According to a source familiar with the negotiations, the FCC, the FAA, and all industry participants have devised a strategy for mitigating the impact of the FAA's aircraft restrictions. After the FAA identifies the specific airports that will be affected — again, based on infrastructure data provided by wireless carriers — the FAA will contact altimeter manufacturers to test their equipment against the new operating conditions proposed by the telecom industry. Altimeters that are determined to be unaffected would then be considered safe to use, allowing for the avoidance of some of the anticipated flight delays and diversions.


"At the moment, there is an ongoing, continuous exchange of information between federal agencies and industry stakeholders on both sides," the person explained. "Every day, meetings at all levels. There is a strategy in place, and everyone is on board with it and carrying it out."


On Wednesday afternoon, officials from the telecom and aviation industries issued a joint statement to that effect.

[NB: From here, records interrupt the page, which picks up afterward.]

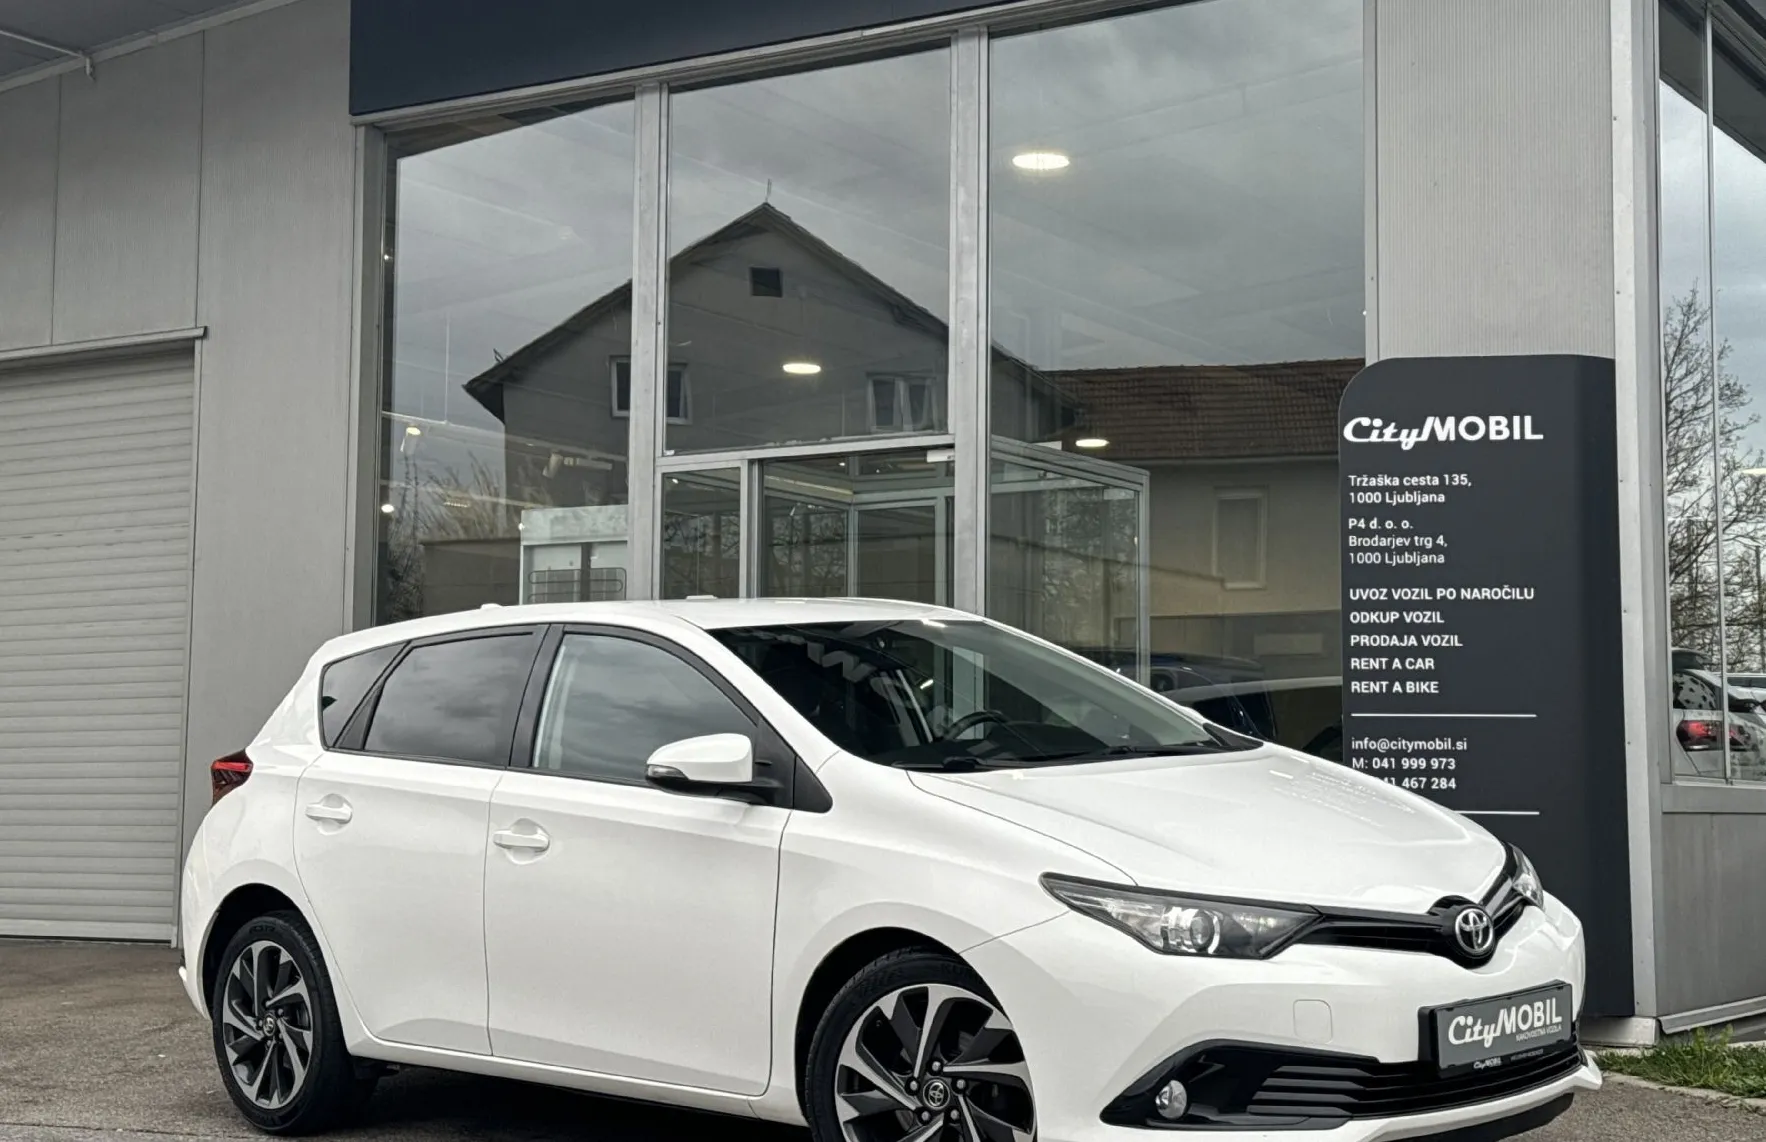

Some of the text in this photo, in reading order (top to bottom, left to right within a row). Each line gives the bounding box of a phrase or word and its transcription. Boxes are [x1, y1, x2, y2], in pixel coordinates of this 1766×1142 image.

[1342, 414, 1544, 451] CityMOBIL
[1347, 473, 1472, 487] Tržaška cesta 135,
[1349, 490, 1446, 507] 1000 Ljubljana
[1348, 517, 1366, 530] P4
[1348, 534, 1448, 550] Brodarjev trg 4,
[1349, 551, 1445, 567] 1000 Ljubljana
[1349, 584, 1535, 601] UVOZ VOZIL PO NAROČILU
[1349, 610, 1445, 624] ODKUP VOZIL
[1350, 634, 1464, 647] PRODAJA VOZIL
[1350, 657, 1435, 670] RENT A CAR
[1350, 680, 1440, 694] RENT A BIKE
[1351, 736, 1468, 753] info@citymobil.si
[1352, 757, 1456, 770] M: 041 999 973
[1401, 776, 1428, 789] 467
[1430, 777, 1457, 790] 284
[1448, 997, 1563, 1049] CityMOBIL

"We are pleased that, following productive discussions, we will collaborate to share available data from all parties in order to identify aviation's specific areas of concern," the statement stated. "In collaboration with the FAA and FCC, the best technical experts from both industries will collaborate to identify a path forward."


The FAA later stated that it is "encouraged that avionics manufacturers and wireless companies are taking steps to evaluate the performance of dozens of radio altimeters in the high-powered 5G environment envisioned for the United States."


According to Ernesto Falcon, a telecom expert with the Electronic Frontier Foundation, a digital rights organization, air travelers should not be concerned about 5G interference if the FCC has cleared the matter, as the agency has a track record of preventing harmful interference.


Because there is a finite amount of radio spectrum available and demand for those airwaves is at an all-time high, Falcon added, whenever the FCC modifies how that scarce resource can be used, it tends to elicit a backlash from those who do not benefit from the new system.


"Someone has to call balls and strikes on whether those objections are legitimate or self-serving," Falcon explained, and in the United States, that is officially the responsibility of the Federal Communications Commission.


As if to emphasize the point, and in an unusual show of force, six former FCC chairs wrote a joint letter this month lamenting how the interagency fight over 5G and aviation has unfolded in ways that risk undermining the US government's credibility.


"This debate should not be waged in public in a manner that undermines consumer confidence in the process," the former chairs wrote. "The FAA position risks derailment of the FCC's reasoned conclusions reached after years of technical analysis and study."